Bruneian academician and educator (born 1973)

Norarfan bin Zainal (born 19 March 1973) is an academician and educator from Brunei who served as the rector of Sultan Sharif Ali Islamic University (UNISSA) since 2014. Additionally, he is a member of Islamic Council of Brunei Darussalam and a council member of the Seri Begawan Religious Teachers University College (KUPU SB).
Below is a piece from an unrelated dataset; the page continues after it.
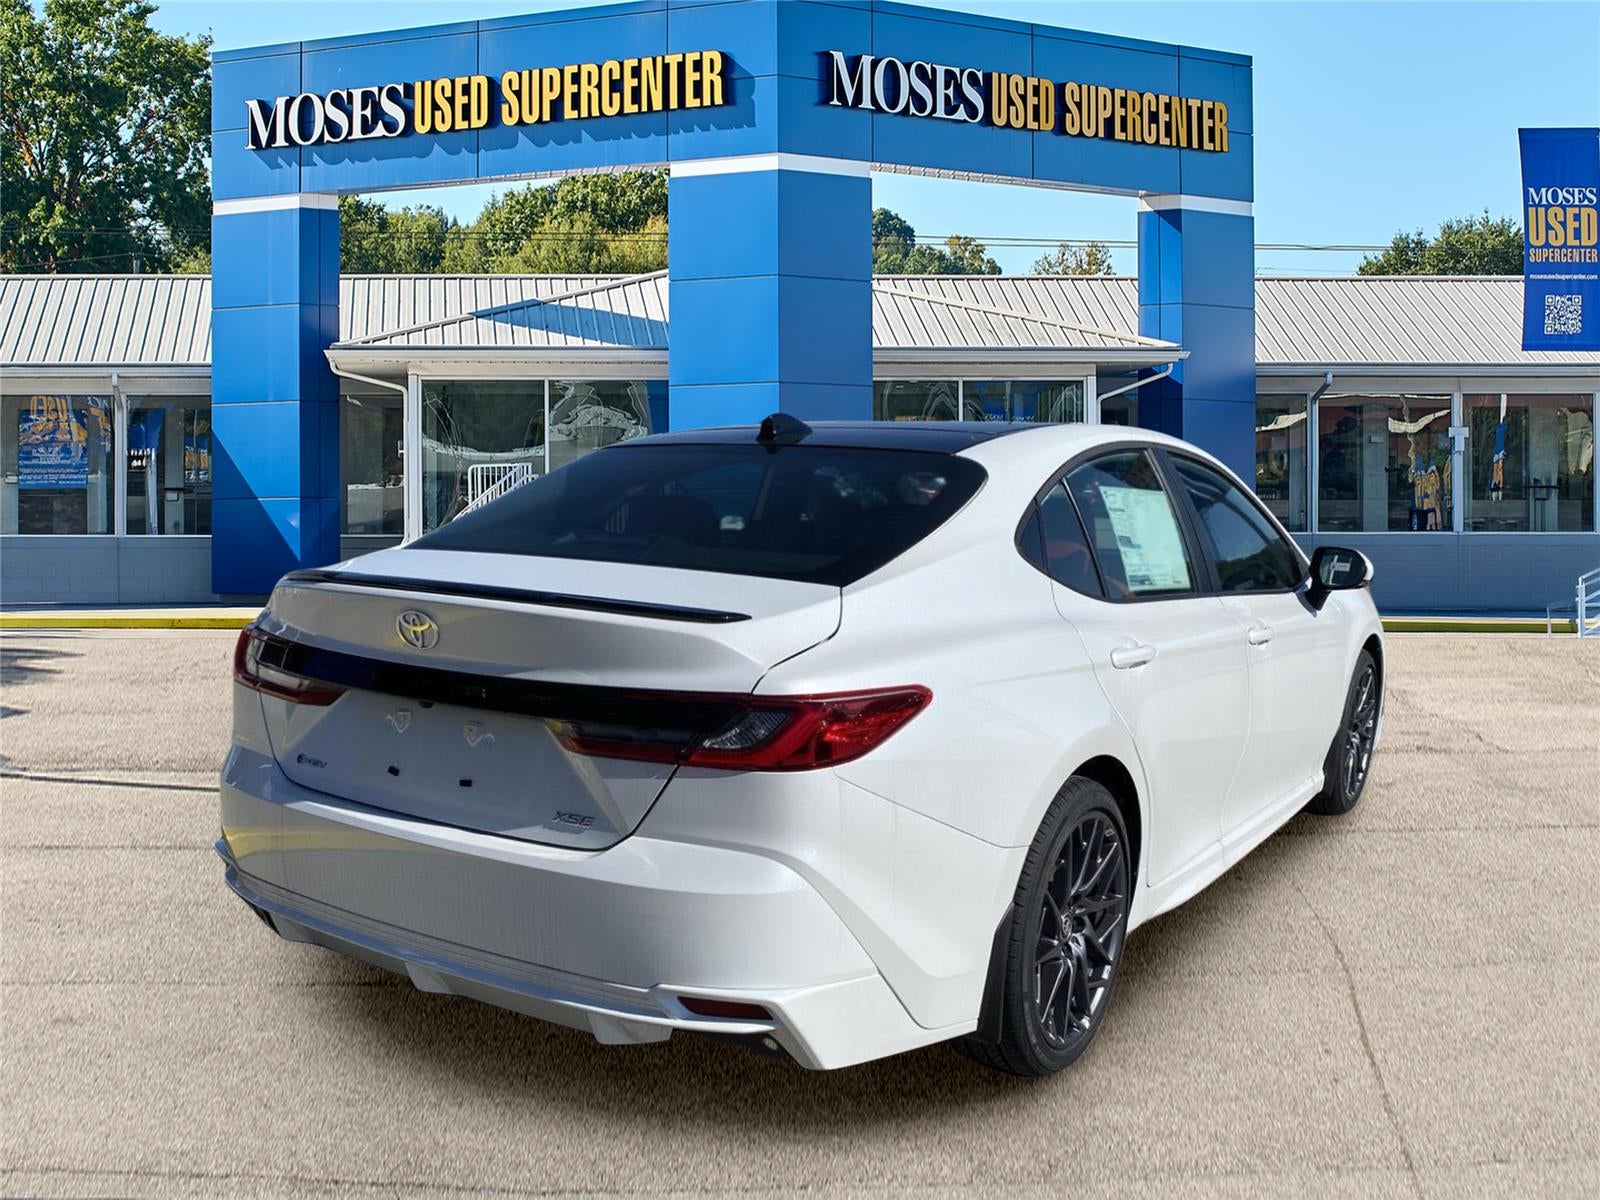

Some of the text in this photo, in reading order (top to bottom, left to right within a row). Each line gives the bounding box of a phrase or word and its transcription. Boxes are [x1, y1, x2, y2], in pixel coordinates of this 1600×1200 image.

== Early life and education ==
Norarfan bin Haji Zainal was born on 19 March 1973, in Brunei Darussalam. He pursued his studies, earning a Bachelor of Arts (Hons) in Hadith from Al-Azhar University, Egypt from 1992 to 1996. He continued his academic journey by obtaining a Master of Arts in Akidah from Al al-Bayt University, Jordan from 2000 to 2002, and later a Doctor of Philosophy (PhD) in Usuluddin and Comparative Religion from the International Islamic University of Malaysia from 2005 to 2009.

== Career ==
Norarfan started his professional career at the Syariah Affairs Department of the Ministry of Religious Affairs (MoRA) in 1997 as a Religious Officer in the Bahagian Kawalan Akidah (BKA). After that, he moved into academia, working at Universiti Brunei Darussalam (UBD)'s Sultan Haji Omar 'Ali Saifuddien Institute of Islamic Studies (IPISHOAS) as a lecturer in 2002, and tutor in 2000. Later, in 2007, he was hired as a lecturer at UNISSA. After that, he worked in administrative positions at KUPU SB, serving as assistant ra'es in 2011 and deputy ra'es in 2014. He has been UNISSA's rector since 26 June 2014.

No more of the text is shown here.